En 2014, les glaciologues ont dépouillé l’Okjokull de son statut de glacier après avoir constaté qu’il était constitué de glace inerte et qu’il n’avançait plus comme le font normalement les glaciers. Une plaque commémorative en lettres d’or écrite en islandais et en anglais a été inaugurée le 18 août. 2019 sur le site du glacier.


Les glaciologues ont découvert que la vitesse de fonte des glaciers islandais s’est fortement accélérée au cours de la période 2000-2019. Entre 2000 et 2004, les glaciers ont perdu 227 milliards de tonnes de glace par an. Mais entre 2015-2019, ils ont perdu en moyenne 298 milliards de tonnes chaque année.

De la même façon, le célèbre Jökulsarlon n’aura probablement plus le même aspect dans une dizaine d’années.
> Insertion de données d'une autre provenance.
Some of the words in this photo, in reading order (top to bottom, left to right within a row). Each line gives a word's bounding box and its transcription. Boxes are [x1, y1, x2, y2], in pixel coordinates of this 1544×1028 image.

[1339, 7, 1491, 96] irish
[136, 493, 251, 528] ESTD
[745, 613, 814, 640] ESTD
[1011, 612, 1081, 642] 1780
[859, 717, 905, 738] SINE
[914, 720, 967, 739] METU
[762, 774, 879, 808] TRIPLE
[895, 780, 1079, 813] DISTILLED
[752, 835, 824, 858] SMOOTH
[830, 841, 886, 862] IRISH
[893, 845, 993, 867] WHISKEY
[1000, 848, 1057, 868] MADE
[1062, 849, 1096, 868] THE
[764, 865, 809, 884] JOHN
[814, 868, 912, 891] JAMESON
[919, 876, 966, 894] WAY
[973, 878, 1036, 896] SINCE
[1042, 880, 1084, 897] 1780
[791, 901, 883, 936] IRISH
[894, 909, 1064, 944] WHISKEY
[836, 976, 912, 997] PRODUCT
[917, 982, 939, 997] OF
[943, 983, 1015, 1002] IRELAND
Pour s’en rendre compte, il suffit d’observer l’Esjufjallarönd, une moraine qui longe le glacier Breiðamerkurjökull et le sépare d’une autre langue glaciaire, le Norðlingalægðarjökull qui vient finir sa course dans les eaux du Jökulsarlon en donnant naissance à une foule de petits icebergs. En le parcourant, on se rend vite compte d’une année sur l’autre que le Breiðamerkurjökull est en train de reculer rapidement sous l’effet du réchauffement climatique. Au fur et à mesure que le Norðlingalægðarjökull déverse ses icebergs dans le lagon, le niveau de la glace diminue et le glacier voisin a tendance à se déplacer vers la dépression ainsi créée. Il en résulte que la moraine de Esjufjallarönd se déplace régulièrement vers l’est et cet amas de débris va probablement atteindre le Jökulsarlon d’ici 3 à 5 ans.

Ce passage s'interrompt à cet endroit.